- _EXERCISE OBJECTIVE_: Go through the data below and copy it exactly, skipping every picture.

Stored data entries
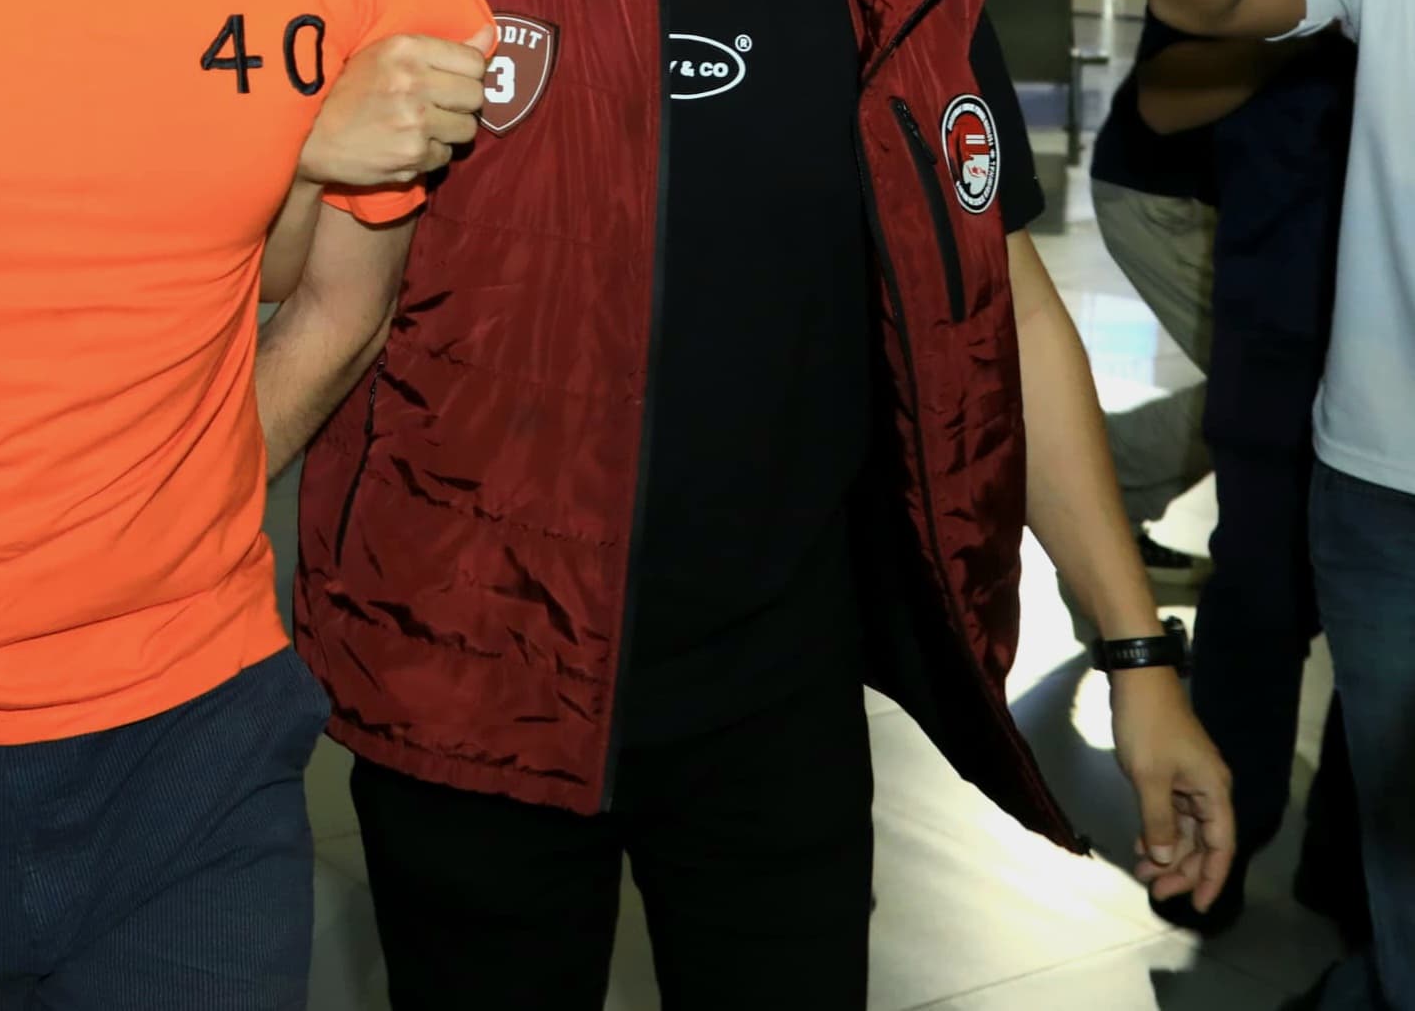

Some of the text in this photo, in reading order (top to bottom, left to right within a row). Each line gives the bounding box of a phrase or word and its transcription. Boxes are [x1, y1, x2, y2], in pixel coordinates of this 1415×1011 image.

[200, 13, 326, 97] 40
[483, 55, 516, 104] 3
[680, 60, 695, 77] &
[699, 61, 729, 78] CO
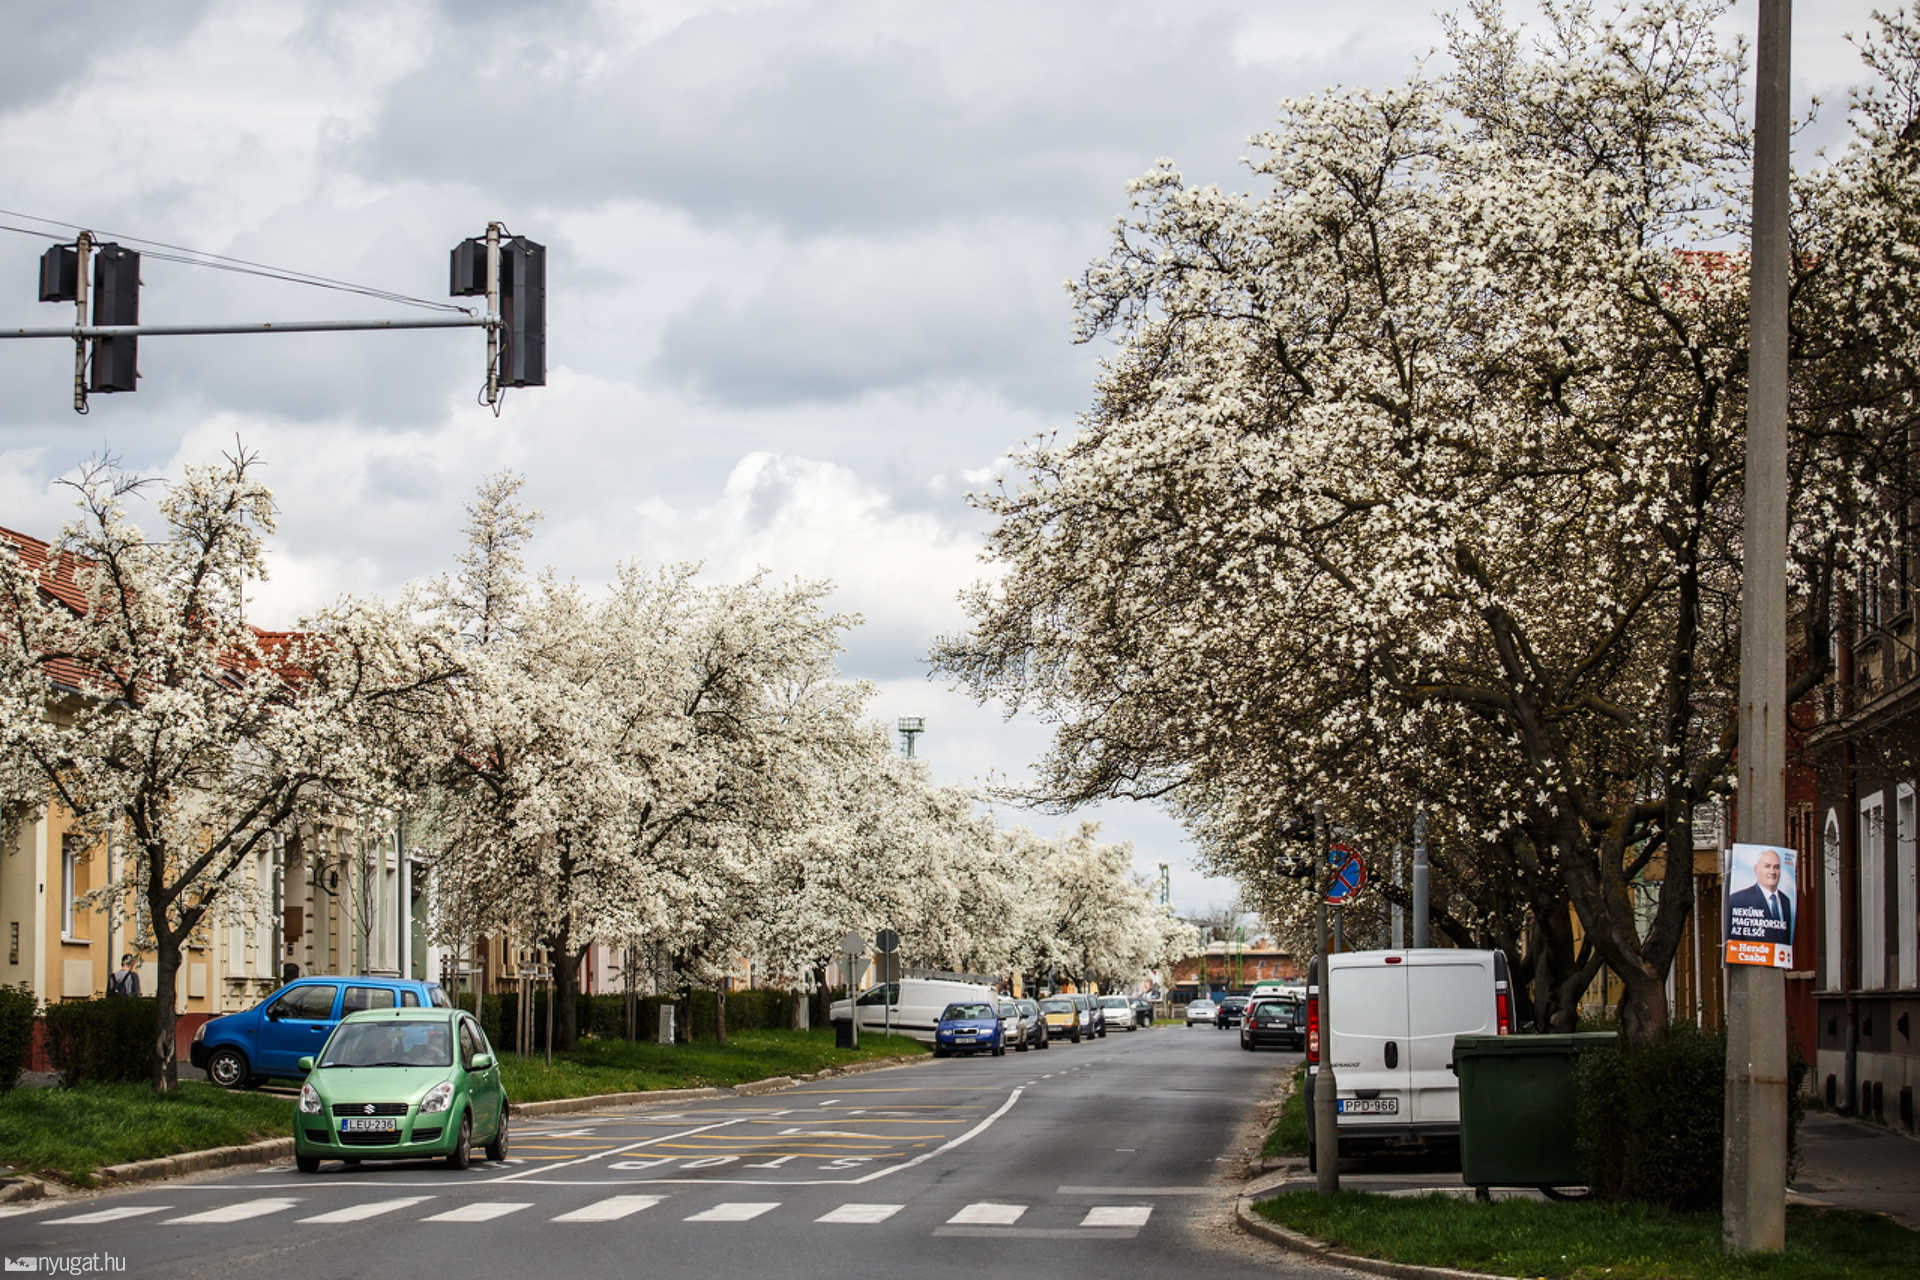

- _SOLUTION BELOW_:
Some of the text in this photo, in reading order (top to bottom, left to right within a row). Each line gives the bounding box of a phrase or word and its transcription. Boxes are [x1, y1, x2, y2], in pixel coordinates of this 1415×1011 image.

[200, 13, 326, 97] 40
[483, 55, 516, 104] 3
[680, 60, 695, 77] &
[699, 61, 729, 78] CO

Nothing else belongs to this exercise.